Problematic Members The Theory And Practice Of Group Psychotherapy

Discussion 2: Problematic Members

While there are various types of problematic behaviors, there are a few key roles that may be especially troublesome for a therapy group. Two examples include monopolists and silent clients. The monopolist is very self-oriented, dominates conversations, talks over others, and might even attempt to take over as group leader. At the other extreme, the silent client limits active participation and offers very little to the therapy group. As others in the therapy group open up and make themselves emotionally vulnerable, resentment towards the “silent” person who never says anything may develop.

For this Discussion, review the week’s Learning Resources. Select a problematic group role and consider how it might adversely impact a therapy group. In addition, consider how you might address such a problematic member if their behavior became disruptive.

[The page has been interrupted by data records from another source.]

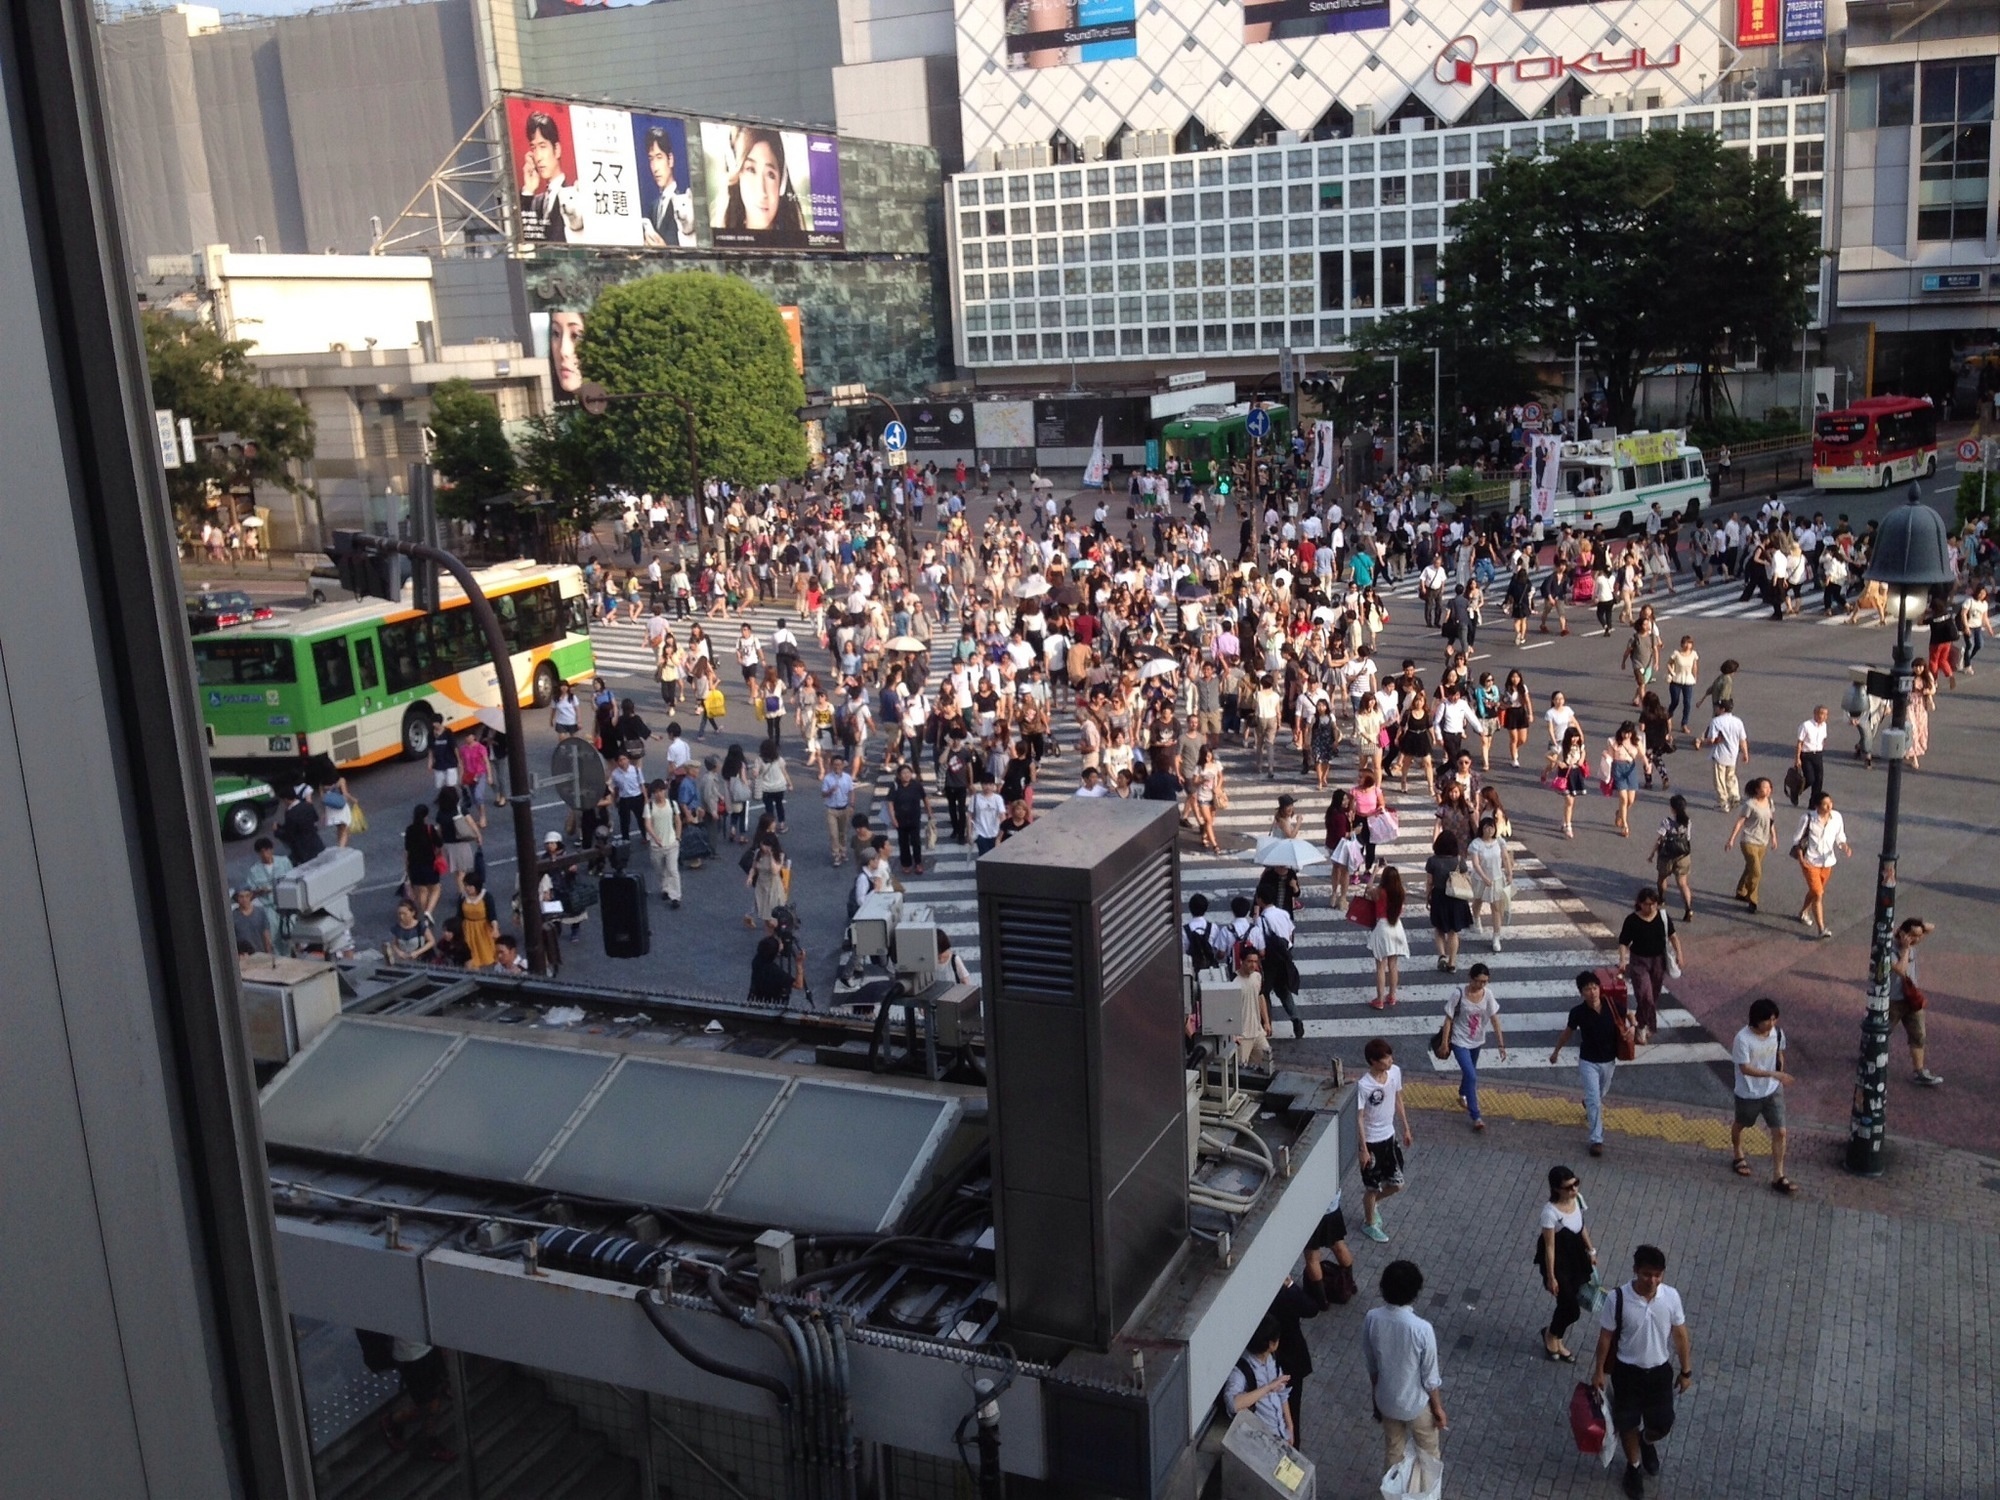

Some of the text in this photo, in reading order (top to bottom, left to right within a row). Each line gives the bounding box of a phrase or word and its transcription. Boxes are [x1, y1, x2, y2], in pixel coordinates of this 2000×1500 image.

[1063, 28, 1110, 42] SoundTrue
[1474, 43, 1681, 85] TOKYU
[592, 160, 623, 183] スマ
[594, 189, 629, 217] 放題
[159, 416, 175, 463] 渋谷駅前

With these thoughts in mind:

Post by Day 4 a brief description of the problematic group role you selected. Then, explain how the problematic group role might adversely impact a therapy group. Finally, explain one way you might address the problematic group role. Be specific and use the Learning Resources and the current literature to support your response.

References:

  • Yalom, I. D., & Leszcz, M. (2005). The theory and practice of group psychotherapy (5th ed.). New York, NY: Basic Books.
    • Chapter 8: “The Selection of Clients” (pp. 231–257)
    • Chapter 13: “Problem Group Members” (pp. 391–427)
  • Burlingame, G. M., Cox, J. C., Davies, D. R., Layne, C. M., & Gleave, R. (2011). The group selection questionnaire: Further refinements in group member selection. Group Dynamics: Theory, Research, and Practice, 15(1), 60–74.